客間で待つのは凶賊盗賊改方長官・長谷川平蔵が妻、久栄で、その傍らに控えるのは筆頭与力の津村武兵衛。
見れば、下座には15、6程の純朴そうな町人身形の少年が緊張した面持ちで座っており、受付の青年に頭を下げます。
「お待たせいたしました。それで、今回は‥‥」
「ご苦労様にございます。本題に入る前に、まずこちらから‥‥一太、ご挨拶なさい」
「は、はいっ!」
久栄に優しく促され、未だ緊張した面持ちのまま深々と頭を下げた少年は口を開いて。
「父・文吉の跡を継ぎたいと奥方様にお願いして門番見習いとしておいていただくこととなりました、一太と申します。不慣れでご迷惑おかけすると思いますが、よろしく、お願いします」
何とかそこまで言ってから、少しほっとしたのか大きく息をつくと、一太はもう一度頭を下げてから客間を出て行き、それを見送ってから受付の青年へと顔を戻す久栄。
「文吉さんの息子さん‥‥ですよね?」
「ええ。文吉の家には一太、二郎、三津代という3人の子がおり、一太は16ですが、二郎と三津代は10と6つ。とある商家へと一太は奉公に出ていたのですが‥‥」
久栄より出された見舞金はあれど、これからの暮らしを奉公に出ていた一太だけで母と弟妹の分を賄えるわけはなく。

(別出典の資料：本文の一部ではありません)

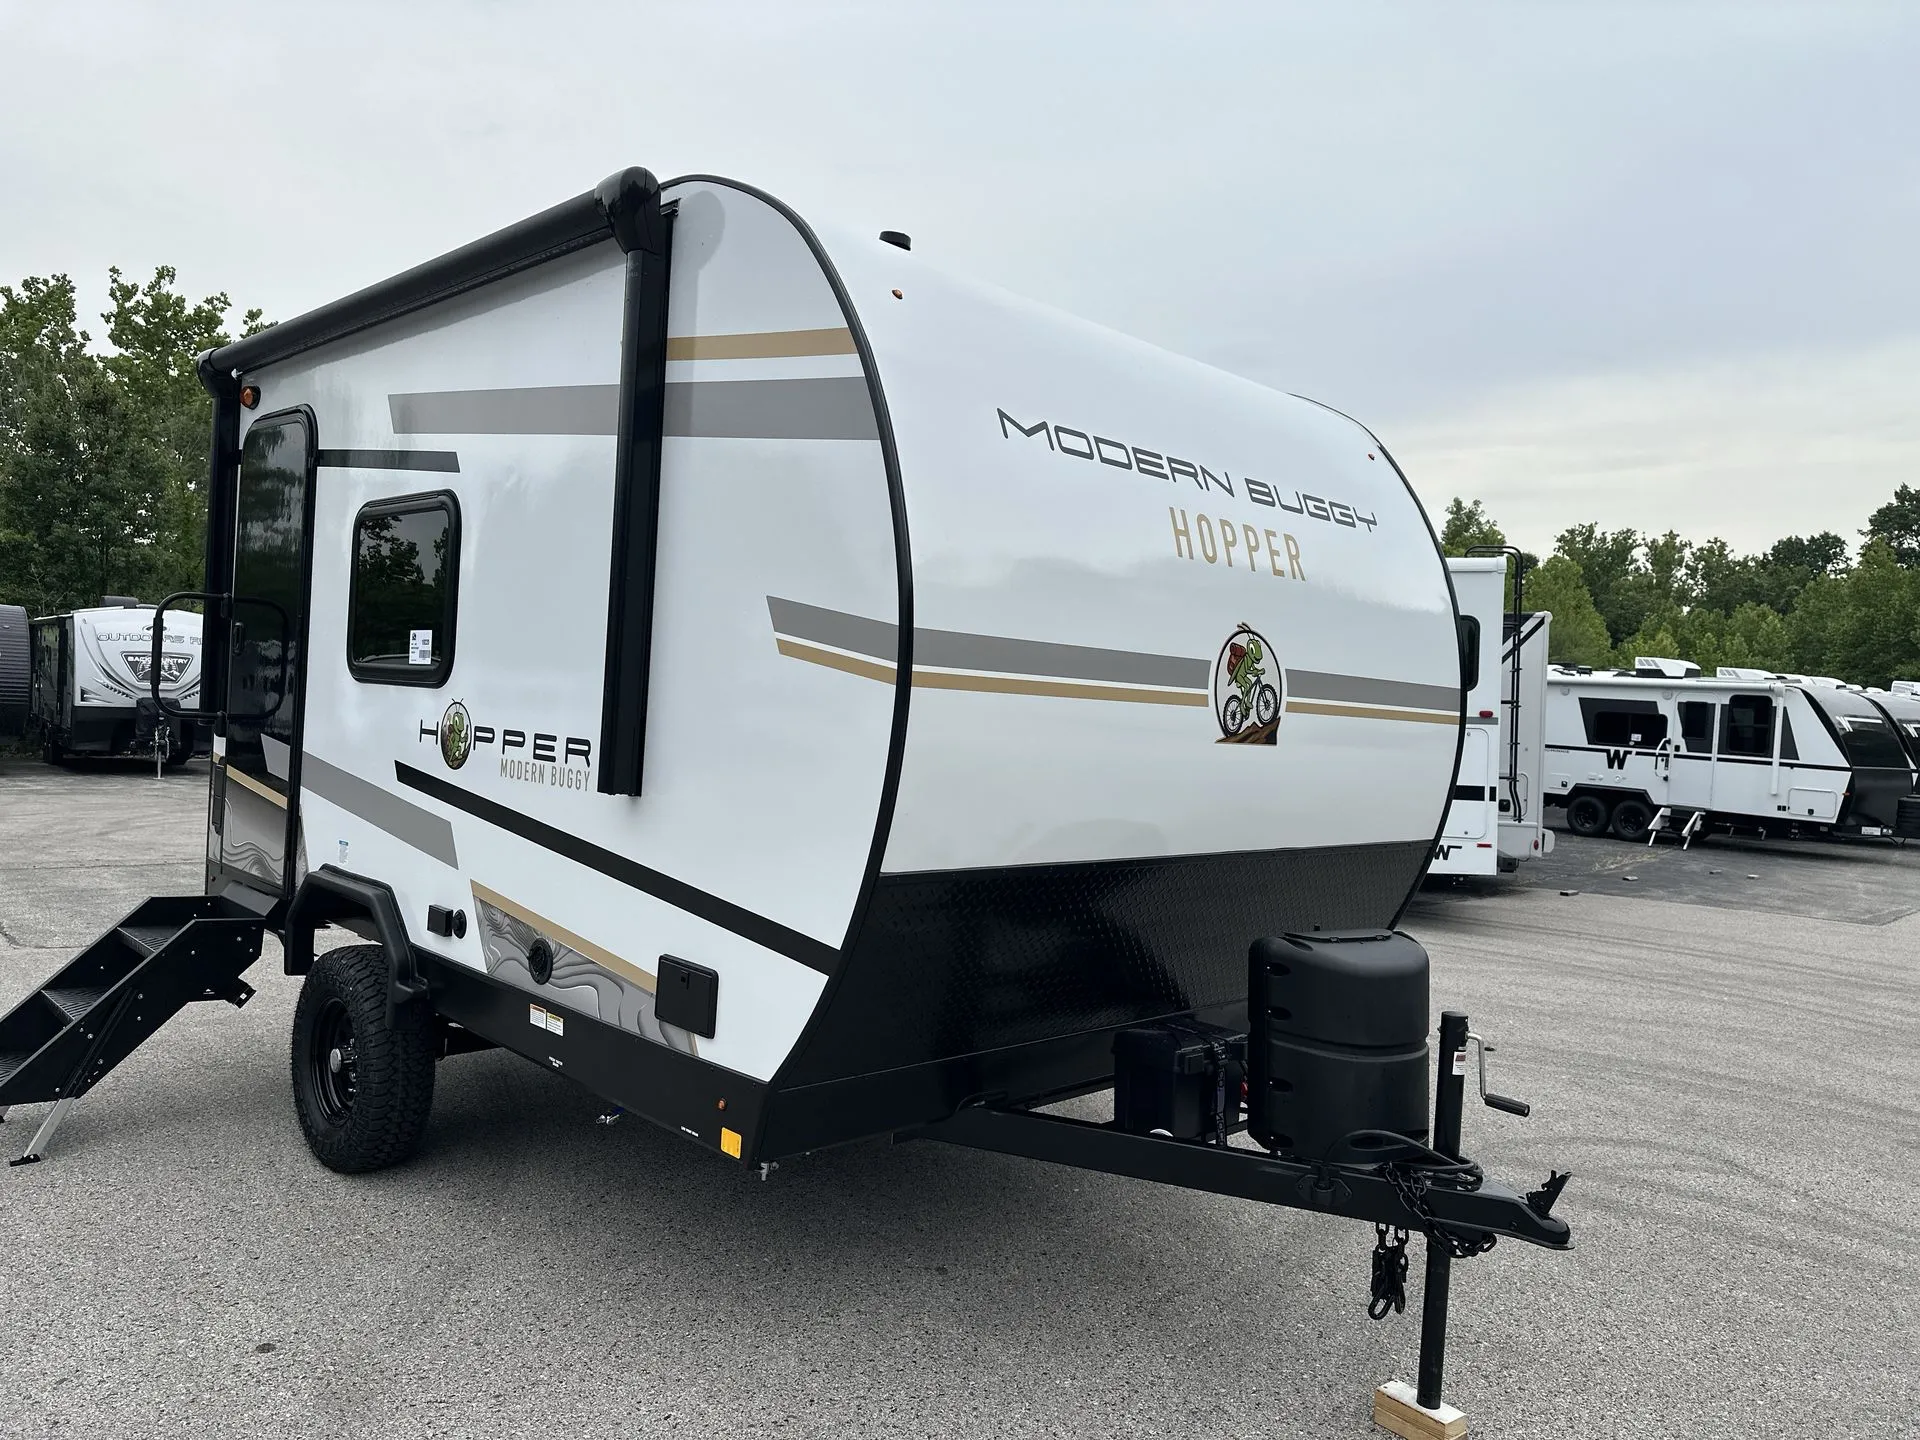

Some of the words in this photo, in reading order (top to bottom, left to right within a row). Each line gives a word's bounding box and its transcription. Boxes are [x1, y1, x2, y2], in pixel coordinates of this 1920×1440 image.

[997, 408, 1235, 498] MODERN
[1245, 478, 1378, 533] BUGGY
[1169, 506, 1306, 582] HOPPER
[97, 633, 185, 644] OUTDORS
[500, 758, 546, 785] MODERN
[551, 766, 591, 791] BUGGY

久栄が文吉亡き後の面倒を見ると言っても、文吉の妻は恩有る長谷川家に働き手が居ないわけではないのに只世話になるわけにはいかないと、一太を門番として置いて欲しいと言い出したそう。
「文吉と違い多少の心得があるとのこと、また只世話になるのは心苦しいという気持ちも分かるので、悩んだ末津村殿と相談いたしまして」
「本人の気持ちも確認したが、強く望んでいる様子。また性分というものもあるため門番見習いとして暫く役宅で働いて貰うことになった。勿論、危ないことがないよう出来うる限り気を付けるという方向で、な」
武兵衛の言葉になるほど、と頷く受付の青年。
「えぇと、それで‥‥今回の仕事は‥‥?」
「それなのですが、2つありましする。1つは一太が門番の仕事が慣れるまで少し気を付けていて貰いたいこと。そしてもう1つ‥‥少々気になることがあるのです」
「気になること?」
「はい。ここ暫く、妙に役宅を窺っている者がおります。それも複数‥‥伊勢殿が見かけたのは女性で、役宅の中を窺い見ようとしていたそう‥‥今1人、木下殿も近隣の村から来たと言う男性が色々と聞いていたようで‥‥」
どうやら忠次は妙な人もいると笑い話のように話したそうで、それを聞いた他の同心にこっぴどく叱られてちょっとすね気味とか。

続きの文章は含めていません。